2人はすくと立ち上がると、居間を出る。暗く寒い廊下を黙って歩く。その表情は重くそして切ない。なのに、こうも足取りが軽いのはなぜなのか。
草十郎の部屋の前。優しいノック。
「草十郎君、有珠よ」
物音はしなかったが、割とすぐに扉が開いた。
「やあ」
そこには今にも頭が爆発してしまいそうな苦悶の草十郎が立っていた。机の上には教科書とノート、鉛筆が置いてある。まだ勉強を始めてから1時間も経っていないはずだが、早くも脳がパンクしそうになり頭を抱えていたところだったのだ。
「おっ、ちゃんとやってるじゃない、えらいえらい。苦戦してるみたいだけど」
お互いの部屋にお邪魔することは珍しいので、青子も有珠もキョロキョロと室内を目で物色する。
青子の部屋ほど物は置かれていないし、有珠の部屋ほど簡素でもない。中立で中途半端だっった。
人が自室に訪れた時の対応を知らず棒立ちをしている彼の横を2人はすり抜けると、失礼と一言だけ断って彼のベッドに腰掛ける。自分の部屋を持つこと自体初めての経験であるし、2人もそれは理解しているので特に何とも思っていないのだ。
それに習うように草十郎も椅子に座った。
「ひとりじゃ厳しい感じ?」
青子はゴールに向かうために優しく語りかける。
「あっ、ああ、そうだな。学校では鳶丸が面倒を見てくれているから復習が成り立っていたんだと痛感していたところだ」
「草十郎にさっきは言わなかったんだけどさ、実は危ないかもしれないって、進級……」
「!?」
「ギリギリまで悩んでいるみたいよ。私の予想では新学期が始まってすぐに個別で学力テストをさせられると思うわ。その結果次第では……あり得るわね」
青子は深刻さを伝えるため重たい表情で告げる。言いたくないことを言うかのように。
「ほ、本当、なのか……」
本当なのであれば、そんな重要事項、せめて春休み前に本人に通達されるであろうことは当然であるのにその異変に気がつかず、草十郎は頭を抱えるだけである。
その横で有珠は呆れていた。
(仕方ないとはいえ、よくもまあここまでつらつらと言えるものね。さすがだわ。草十郎君でしか通じないとは思うけど。そして、青子も楽しんでいる気がしてならないんだけど)
「蒼崎たちはそんな俺を笑いに来たのか?」
珍しく険のある表現をする草十郎の顔色は実に蒼白だ。
「違う。むしろ逆よ。明日から私と有珠が家庭教師をしてあげます」
「……そんなの良いのか? 貴重な春休みを」
「当たり前じゃない。同居人でしょう、私たち」
草十郎はその台詞を聞いて黙ってしまったのだが、彼のきらきらした目からは尊敬のまなざしであることは明白で、それに対して2人は若干の後ろめたさを感じたはものの、既に後には退けない状況なのだ。

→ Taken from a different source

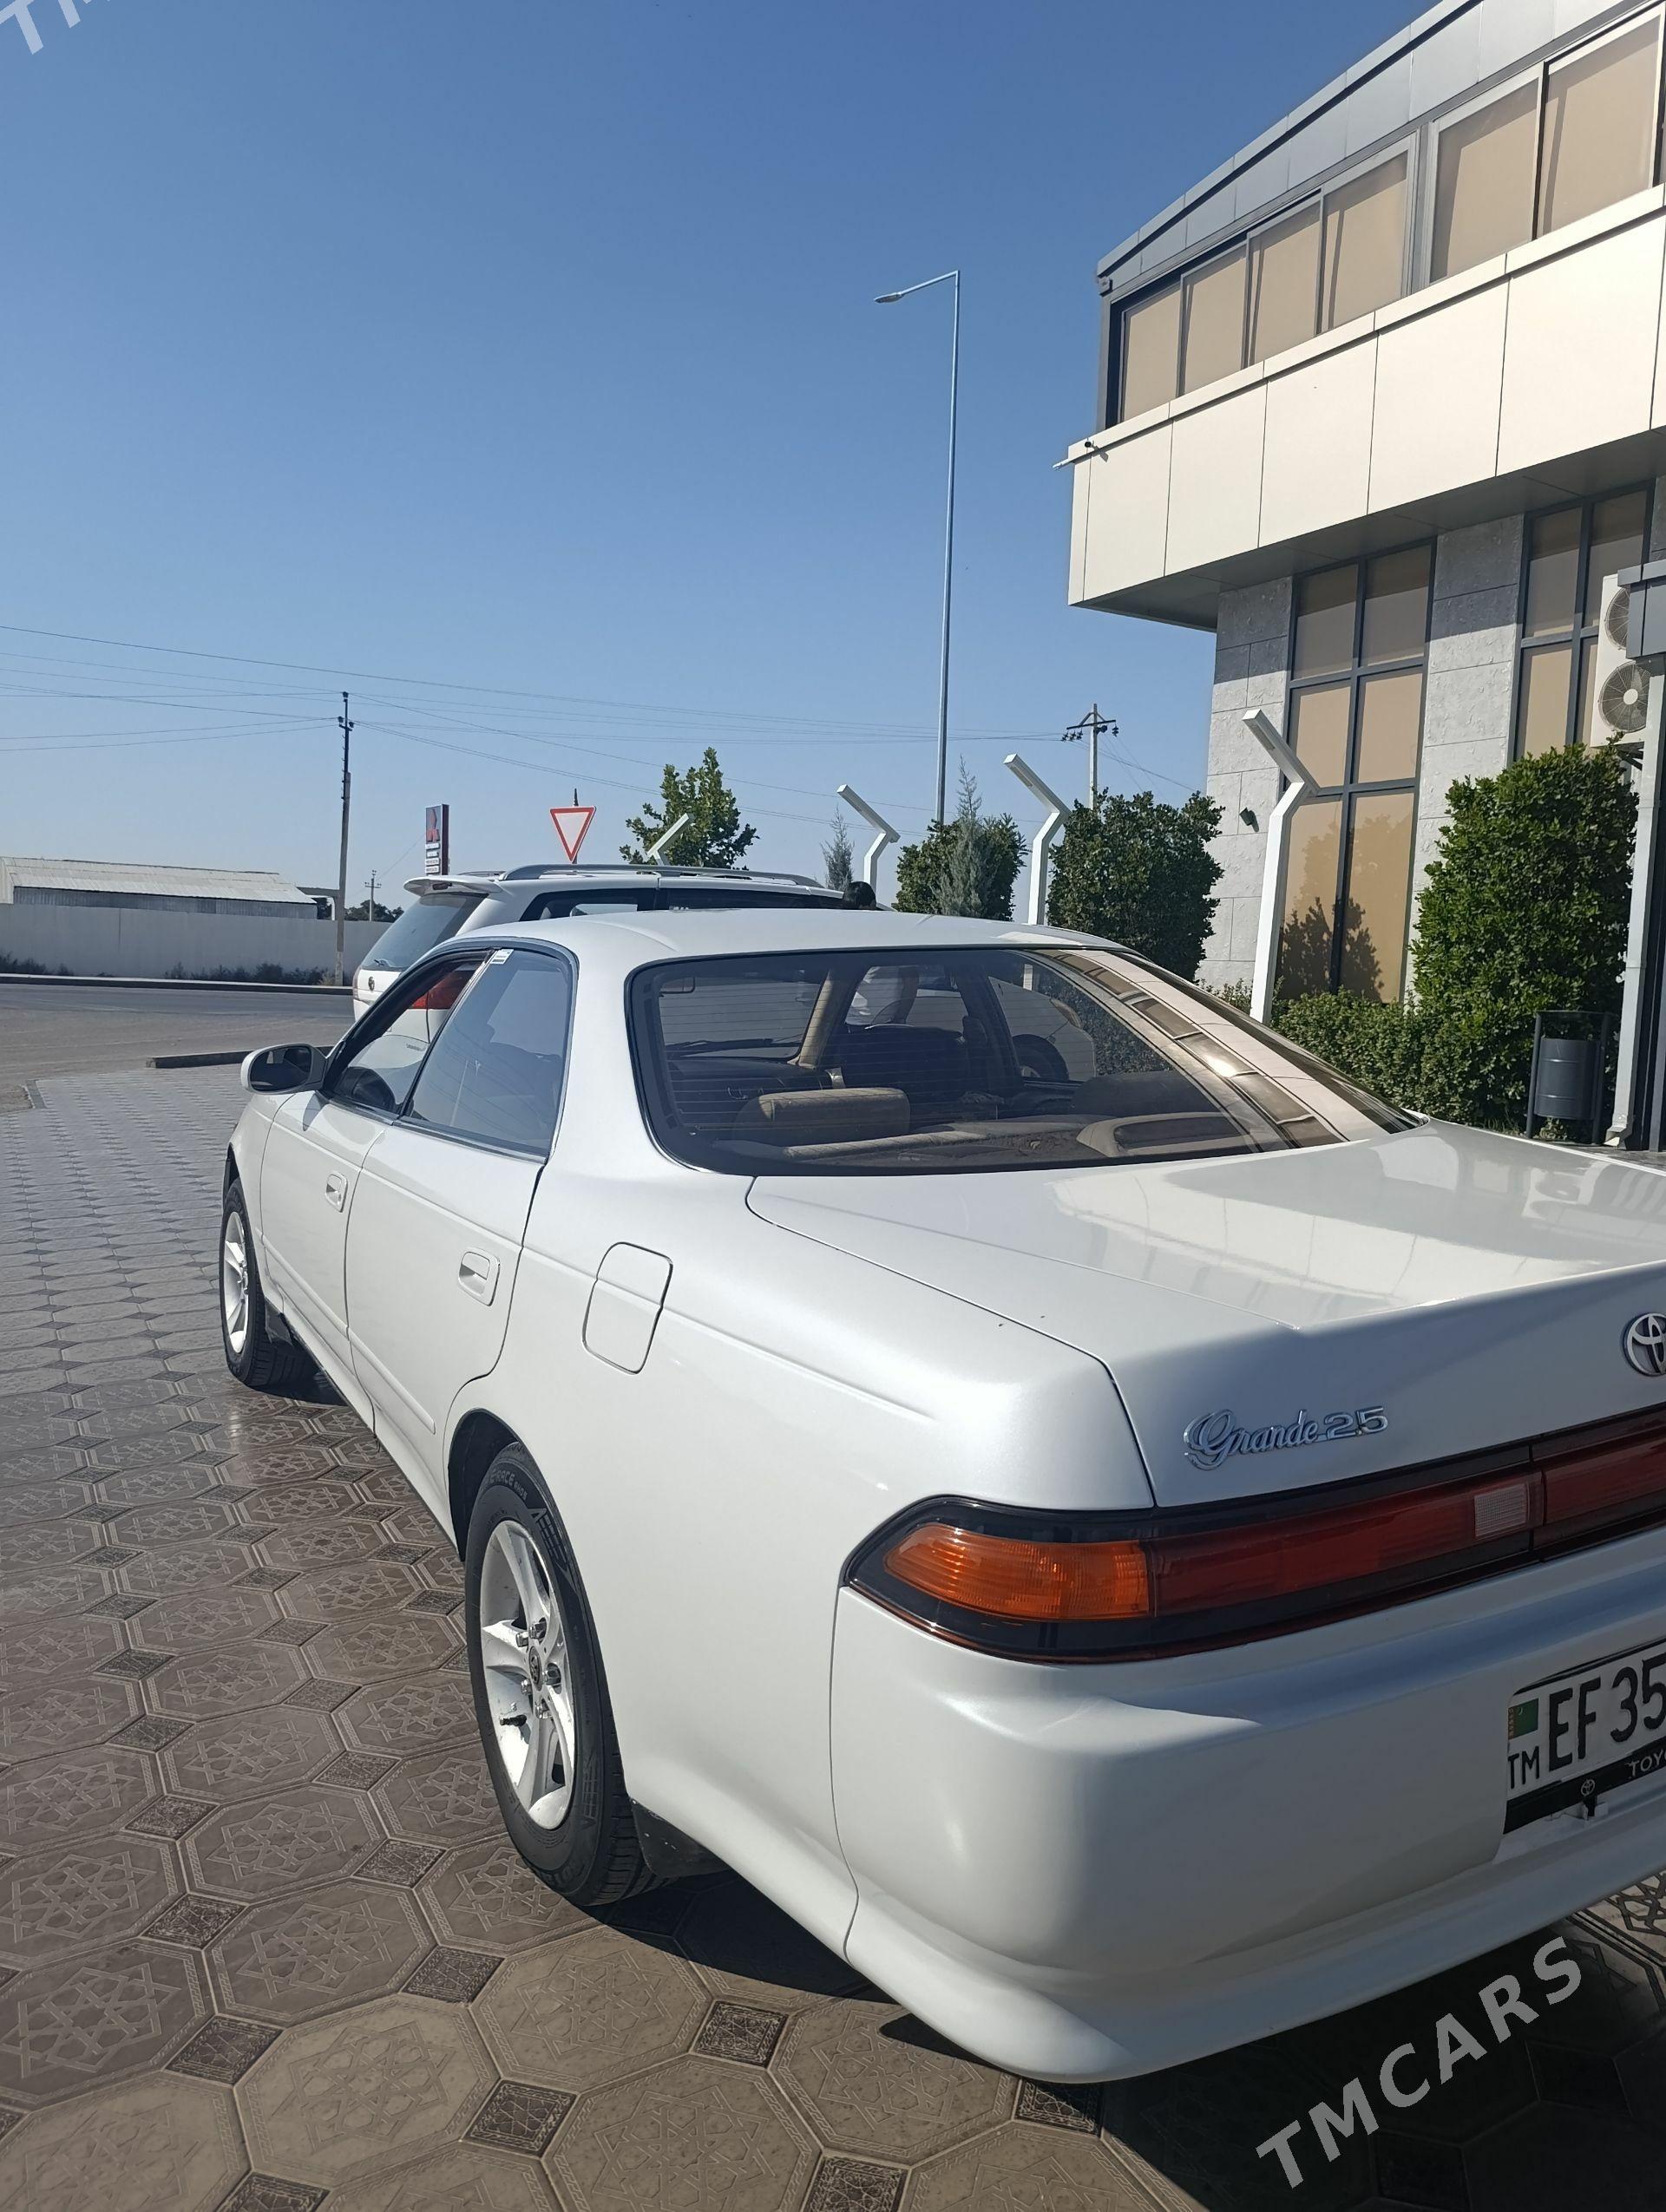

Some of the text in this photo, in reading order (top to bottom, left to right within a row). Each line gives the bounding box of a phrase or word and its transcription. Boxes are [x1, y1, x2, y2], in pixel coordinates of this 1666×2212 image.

[1184, 1409, 1319, 1470] Grande
[1507, 1745, 1540, 1790] TM
[1623, 1748, 1666, 1777] TOY

「ありがとう。明日はアルバイトがあるから、早速明後日からお願いしてもいいかな?」
「あっ、それは却下。明日から新学期まで毎日だから」
「え……いや、蒼崎、明日は朝からアルバイトがあるんだ」
「そんな甘い考えで乗り越えられる壁だと思ってるの?」
ここで有珠も追随する。
「人の好意を無下にしないで欲しいものね」
「それでも、さすがに休むわけにはいかない」
すべてのアルバイトで無遅刻無欠席記録更新中の苦学生アルバイターだからこそ、ここだけはそう簡単に譲ることなどできない。
「あんたの本分を思い出しなさい。学生なのだからお金よりも勉学を優先するべきよ」
「それは理解しているつもりだ。しかし、俺に学が無いからと言って、お世話になっている人たちに迷惑をかけるのは違うだろう」
草十郎も引かない。正義をぶつけてくる。しかし、今彼の目に前にいる人物は鬼の生徒会長なのだ。
「こういう時にあなたの徳を使うのよ。どうせ草十郎は溜めるばっかで使ったことないでしょう。この社会は持ちつ持たれつの世界だから、それが一方的なものだと必ずいつか崩れるはずよ。そう出来てるのよ。だから、精算すべきは今しかない」
草十郎の頭の上にハテナが浮かんでいることに青子は気づいたので、
「つまり、普段お世話になっているアルバイト先の人たちは、草十郎が困っていたら嬉しいってこと」
と優しく説明した。
「そういうものなのか」
なぜかこれだけで納得してくれたようだった。予想よりも早かった。青子と有珠も案外徳というものを積んでいたのかもしれない。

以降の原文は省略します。